Action item |
Give back each line of the data exactly as it reads, minus the pictures.

Data in this exercise |
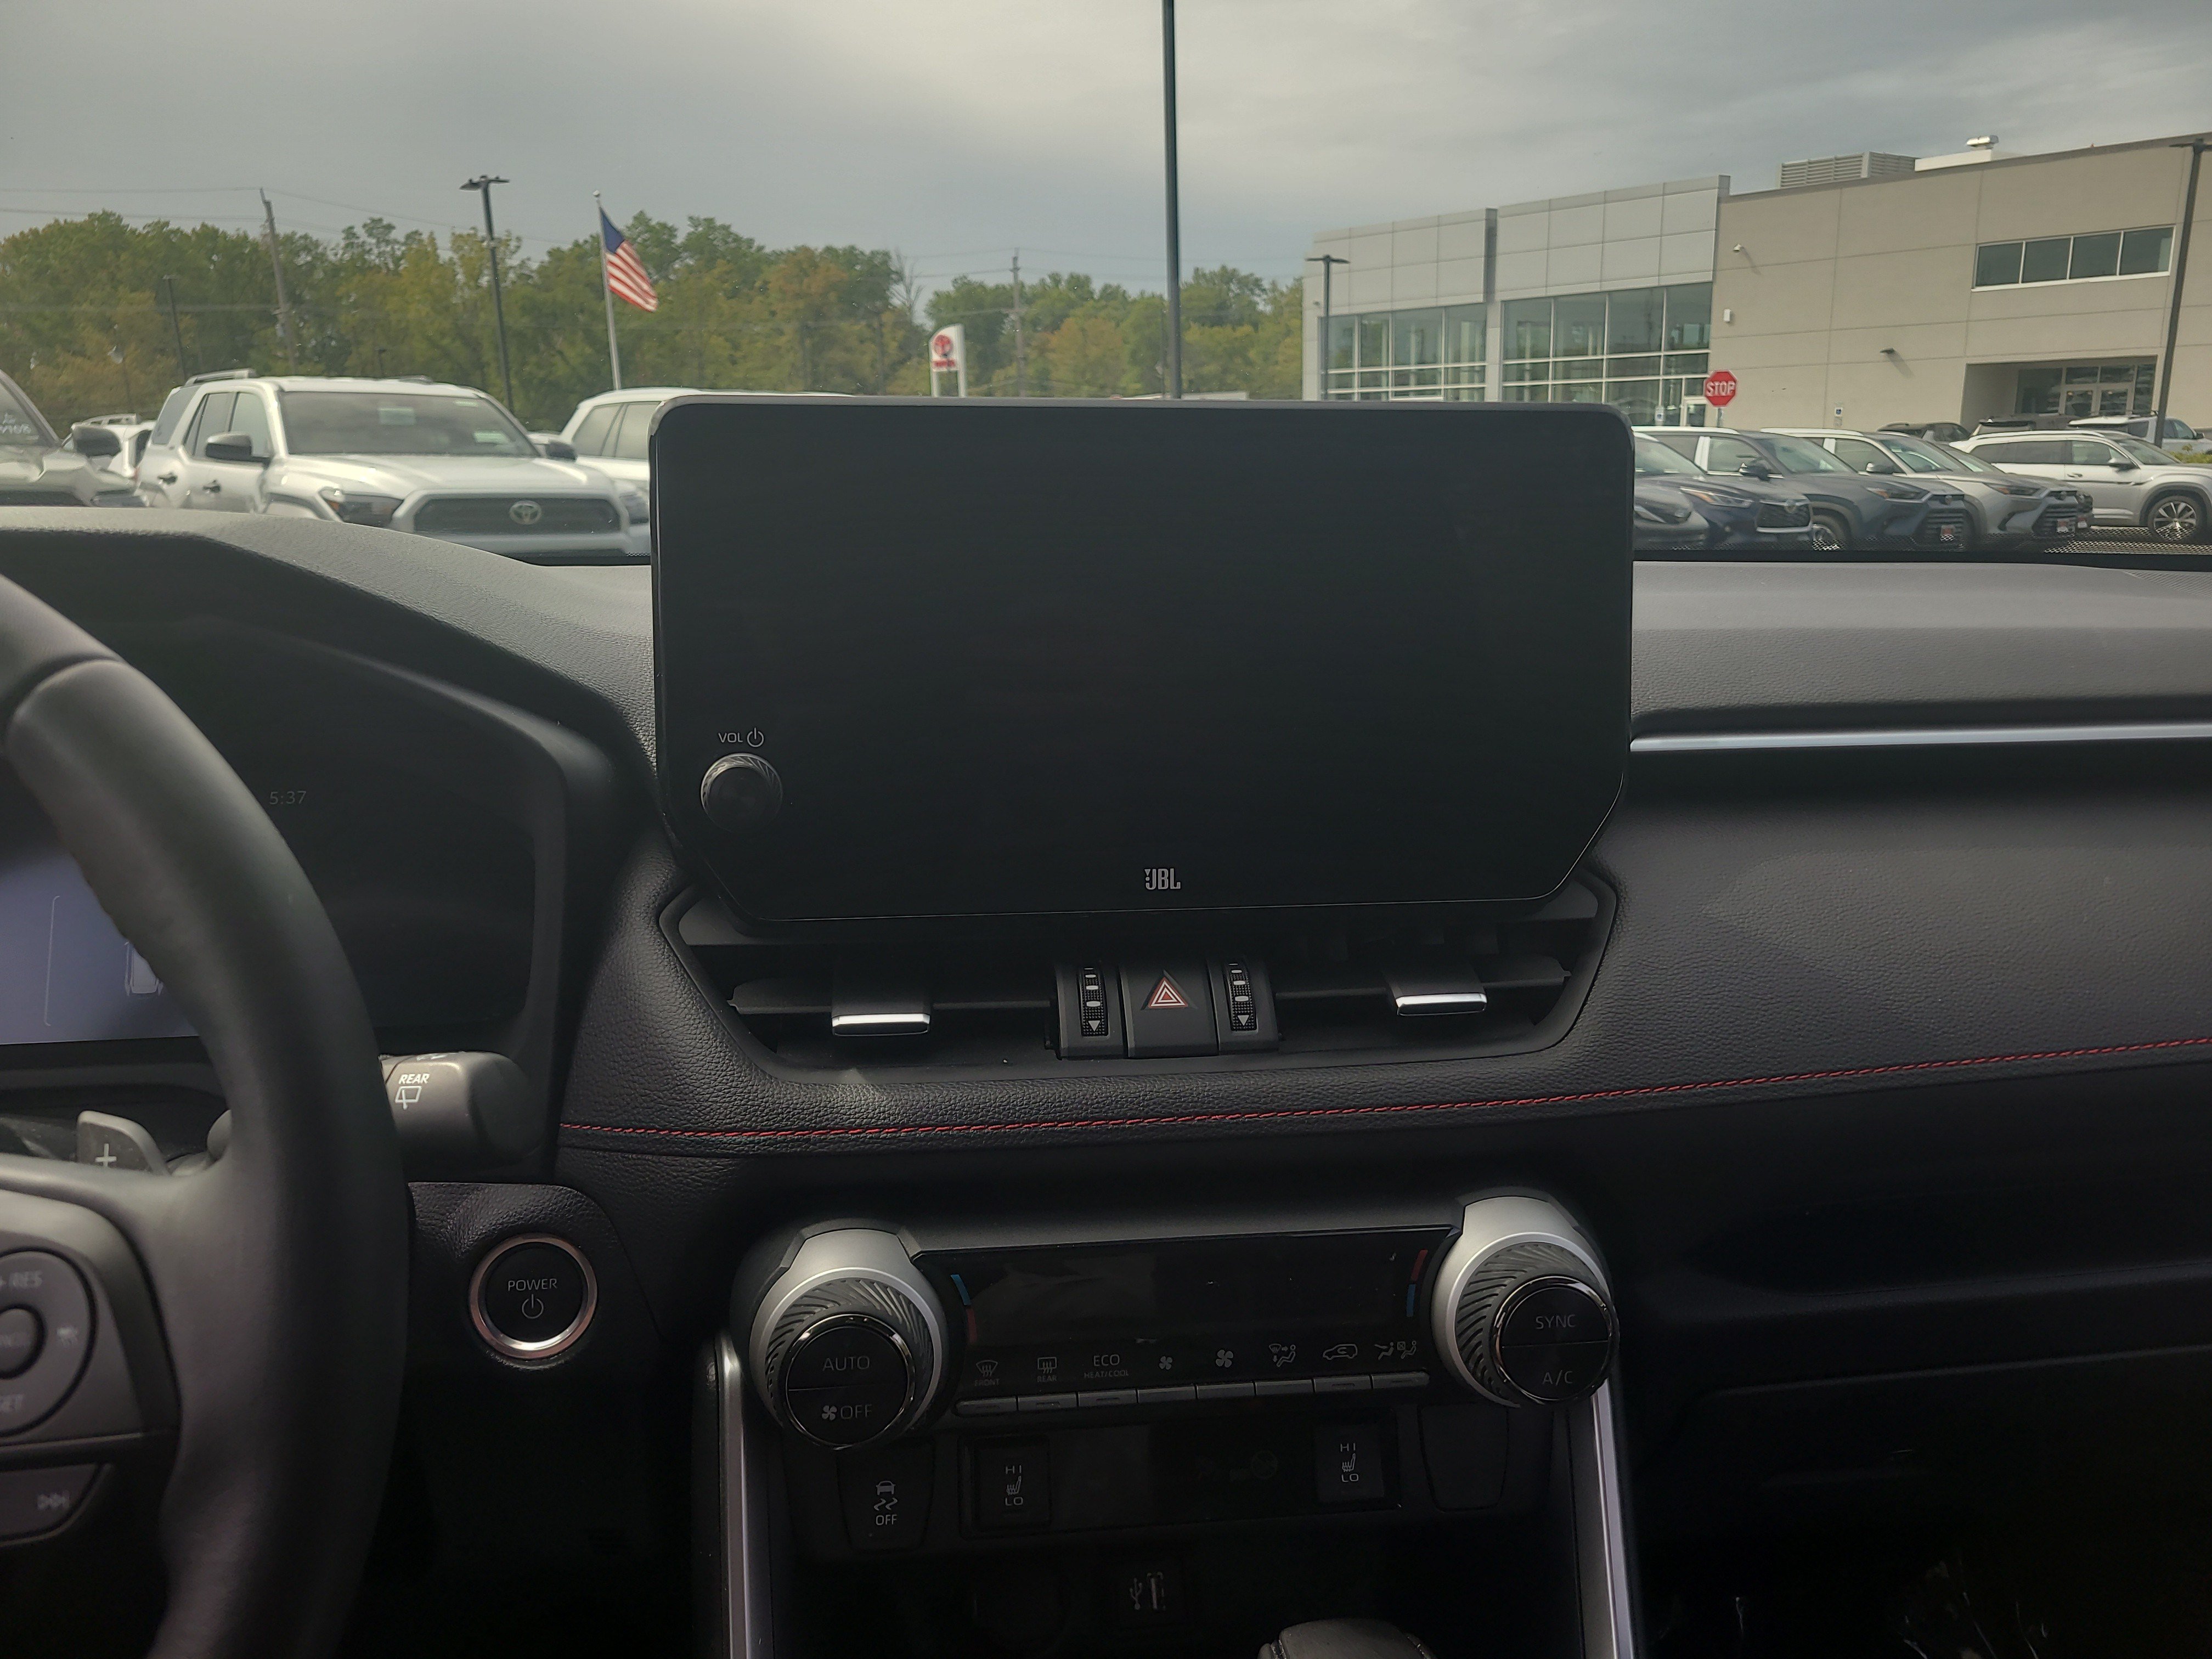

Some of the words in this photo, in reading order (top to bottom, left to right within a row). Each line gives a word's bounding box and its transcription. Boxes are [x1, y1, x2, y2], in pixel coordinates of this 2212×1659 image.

[1706, 380, 1736, 397] STOP
[718, 732, 743, 743] VOL
[269, 791, 307, 805] 5:37
[1144, 868, 1181, 890] JBL
[398, 1073, 430, 1084] REAR
[507, 1278, 558, 1291] POWER
[1536, 1314, 1576, 1329] SYNC
[822, 1356, 870, 1372] AUTO
[1093, 1354, 1120, 1367] ECO
[1084, 1370, 1129, 1379] HEAT/COOL
[1542, 1369, 1573, 1386] A/C
[974, 1378, 1000, 1387] FRONT
[840, 1403, 872, 1420] OFF
[1340, 1442, 1356, 1452] HI
[1005, 1465, 1022, 1475] HI
[1341, 1474, 1359, 1482] LO
[1005, 1497, 1024, 1506] LO
[876, 1514, 898, 1526] OFF

Solution to this task |
Some of the words in this photo, in reading order (top to bottom, left to right within a row). Each line gives a word's bounding box and its transcription. Boxes are [x1, y1, x2, y2], in pixel coordinates of this 2212×1659 image.

[1706, 380, 1736, 397] STOP
[718, 732, 743, 743] VOL
[269, 791, 307, 805] 5:37
[1144, 868, 1181, 890] JBL
[398, 1073, 430, 1084] REAR
[507, 1278, 558, 1291] POWER
[1536, 1314, 1576, 1329] SYNC
[822, 1356, 870, 1372] AUTO
[1093, 1354, 1120, 1367] ECO
[1084, 1370, 1129, 1379] HEAT/COOL
[1542, 1369, 1573, 1386] A/C
[974, 1378, 1000, 1387] FRONT
[840, 1403, 872, 1420] OFF
[1340, 1442, 1356, 1452] HI
[1005, 1465, 1022, 1475] HI
[1341, 1474, 1359, 1482] LO
[1005, 1497, 1024, 1506] LO
[876, 1514, 898, 1526] OFF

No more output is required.